Tricks of the trade.

Stevie watched the Winnebago rock to a stop in the trailer park. The man stepped outside and hooked up the hose and plugged a large electrical cord into a junction box. He returned to the camper.

Stevie then made his way out of the structurally sound basement that contained evidence of water damage. He cocked the gun and slipped the safety off. He started across River Road.


He was thinking he had done it wrong.

Forget what she had said and what she had not. Pellam should have stayed.

This was one of those rules about relationships that no one ever teaches you. Sometimes you were supposed to leave and sometimes you were supposed to stay and you had to read a lot of data fast to figure out which.

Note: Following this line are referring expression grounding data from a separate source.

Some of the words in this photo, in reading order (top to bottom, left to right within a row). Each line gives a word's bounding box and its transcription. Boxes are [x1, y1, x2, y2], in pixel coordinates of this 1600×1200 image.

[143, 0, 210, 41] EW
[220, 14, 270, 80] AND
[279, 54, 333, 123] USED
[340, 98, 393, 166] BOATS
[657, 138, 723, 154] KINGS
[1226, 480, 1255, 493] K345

Now, locking the camper door, Pellam debated the matter with himself. It was complicated because he doubted he, or any man, would have done what she did. A confession like that? At some time, sure. (Well, maybe.) But lying in a bed with three scratch marks from her pink nails on his biceps?

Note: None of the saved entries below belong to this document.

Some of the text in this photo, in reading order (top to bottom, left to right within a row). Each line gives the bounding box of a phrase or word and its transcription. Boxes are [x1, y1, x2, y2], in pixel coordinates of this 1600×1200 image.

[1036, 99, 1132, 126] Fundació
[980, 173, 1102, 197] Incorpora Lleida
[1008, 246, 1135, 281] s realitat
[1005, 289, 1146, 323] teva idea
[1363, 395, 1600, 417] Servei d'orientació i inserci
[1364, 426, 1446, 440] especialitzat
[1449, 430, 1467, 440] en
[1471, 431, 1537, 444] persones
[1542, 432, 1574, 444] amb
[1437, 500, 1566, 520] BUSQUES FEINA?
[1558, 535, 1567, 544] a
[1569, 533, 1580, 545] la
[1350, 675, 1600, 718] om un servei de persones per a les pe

"We played cards for a couple of hours," she had explained. "I wasn't supposed to be there. It was after visiting hours. I sat on his bed. He's very sensitive. You wouldn't think he would be, being a cop. But he is! His hands were the giveaway.

They're very soft."

Spare me no details.

"His wife's a fruitcake and he's been very depressed. He said people are afraid to come see him because he can't walk.

They're afraid of him. I think he's a very funny man."

"Is," Pellam had agreed.

"One thing led to another. Finally he started to cry. I'm a sucker for men who cry. He said he didn't think he'd be able to, you know, perform anymore. It's the one thing that's eating him up. Even more than not walking. I asked him if I could hold him. And I sat on the bed. And, I guess…" She had shrugged her shoulders, and the beautiful breasts that had been pulled and prodded by two men in as many days slipped out from under the sheet. She covered herself again.

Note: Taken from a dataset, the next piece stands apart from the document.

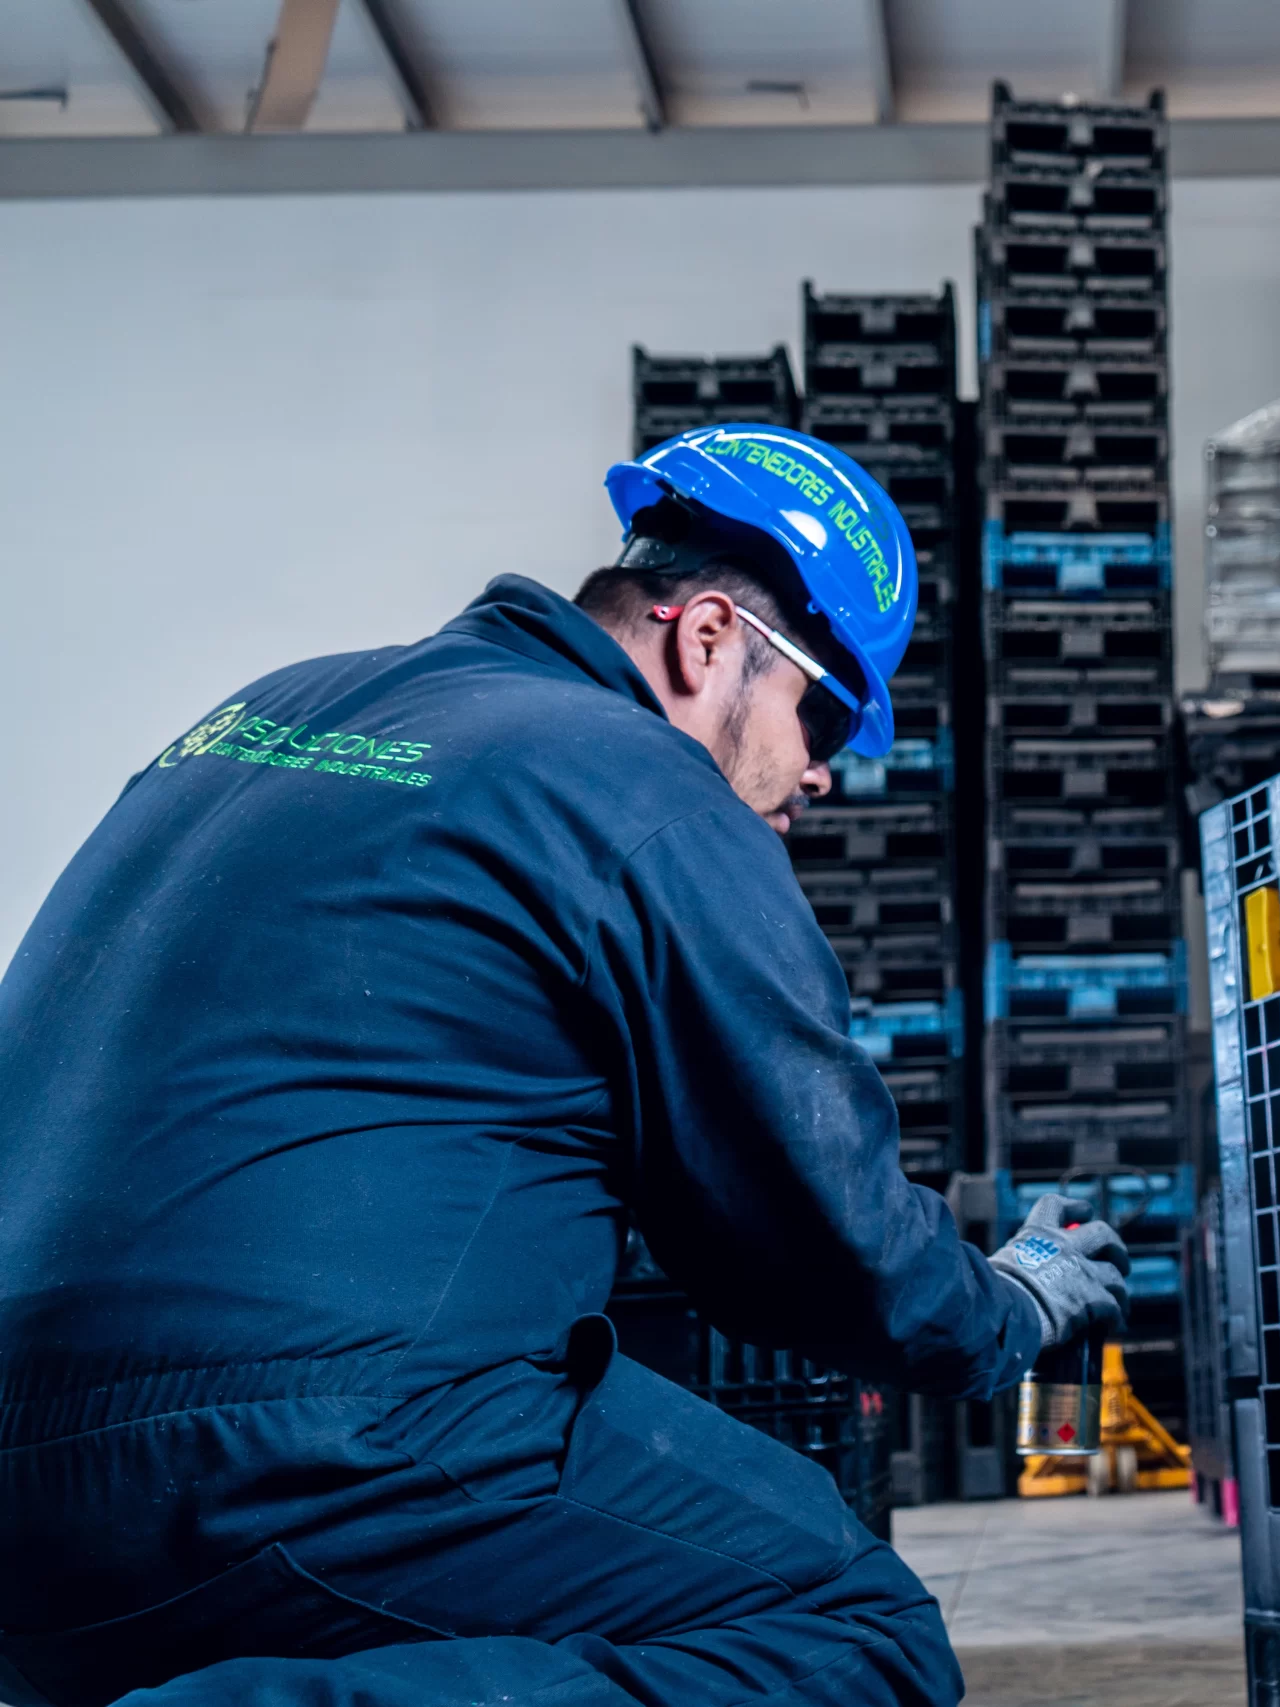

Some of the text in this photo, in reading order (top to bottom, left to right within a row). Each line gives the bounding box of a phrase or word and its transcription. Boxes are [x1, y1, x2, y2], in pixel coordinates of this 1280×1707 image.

[705, 438, 835, 506] CONTENEDORES
[827, 499, 896, 613] INDUSTRIALES
[314, 759, 432, 787] INDUSTRIALES

"And he was able to, uhn, perform?" Pellam had asked. He shouldn't have. He had forgotten he was talking to the Queen of Detail.

"Oh, yeah," she had said enthusiastically. "Twice. We were both pretty surprised."


Pellam thought, But you slapped my hand when I wanted to do it twice. This, however, would have sounded very juvenile, and he had contented himself with picking up his clothes with dramatic swipes. "I better be going."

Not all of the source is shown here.